■ Dataset extract ■
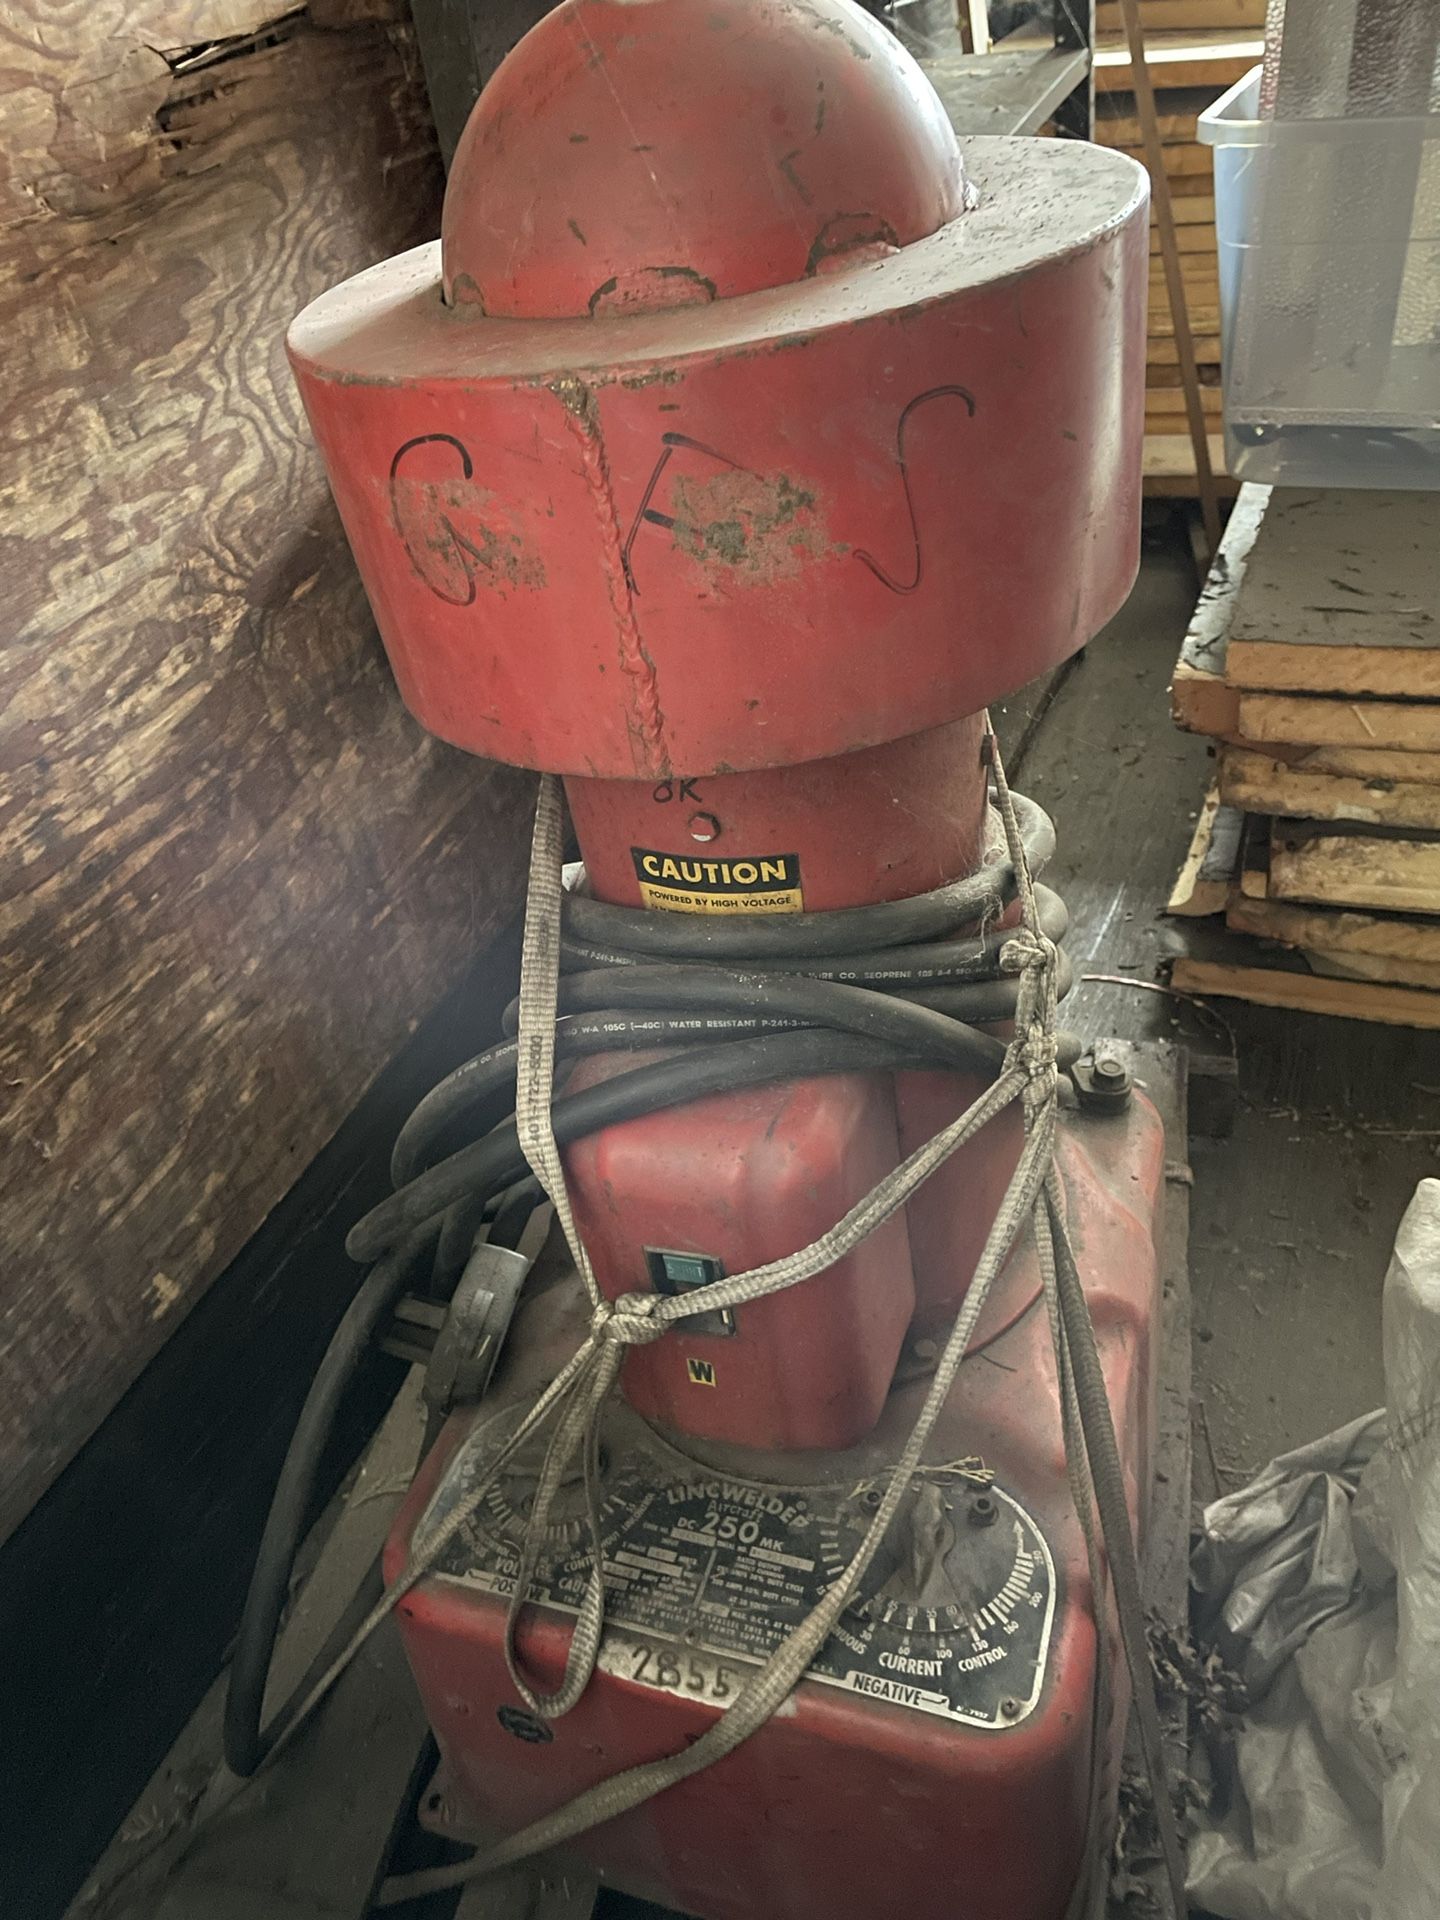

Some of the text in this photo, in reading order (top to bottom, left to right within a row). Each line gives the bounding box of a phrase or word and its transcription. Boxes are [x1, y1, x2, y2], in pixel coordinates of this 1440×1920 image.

[642, 855, 787, 885] CAUTION
[648, 889, 792, 907] POWERED BY HIGH VOLTAGE
[668, 1020, 702, 1030] WATER
[706, 1019, 757, 1029] RESISTANT
[689, 1359, 713, 1384] W
[707, 1500, 766, 1523] Aircraft
[677, 1516, 695, 1530] DC
[700, 1511, 760, 1544] 250
[759, 1537, 785, 1552] MK
[859, 1629, 873, 1641] 30
[936, 1649, 953, 1659] 100
[971, 1638, 989, 1653] 130
[631, 1645, 740, 1698] 2855
[878, 1651, 944, 1677] CURRENT
[957, 1645, 1008, 1673] CONTROL
[852, 1673, 922, 1706] NEGATIVE

■ Action item ■
The listing above should be returned word for word, with pictures omitted.

■ Result ■
Some of the text in this photo, in reading order (top to bottom, left to right within a row). Each line gives the bounding box of a phrase or word and its transcription. Boxes are [x1, y1, x2, y2], in pixel coordinates of this 1440×1920 image.

[642, 855, 787, 885] CAUTION
[648, 889, 792, 907] POWERED BY HIGH VOLTAGE
[668, 1020, 702, 1030] WATER
[706, 1019, 757, 1029] RESISTANT
[689, 1359, 713, 1384] W
[707, 1500, 766, 1523] Aircraft
[677, 1516, 695, 1530] DC
[700, 1511, 760, 1544] 250
[759, 1537, 785, 1552] MK
[859, 1629, 873, 1641] 30
[936, 1649, 953, 1659] 100
[971, 1638, 989, 1653] 130
[631, 1645, 740, 1698] 2855
[878, 1651, 944, 1677] CURRENT
[957, 1645, 1008, 1673] CONTROL
[852, 1673, 922, 1706] NEGATIVE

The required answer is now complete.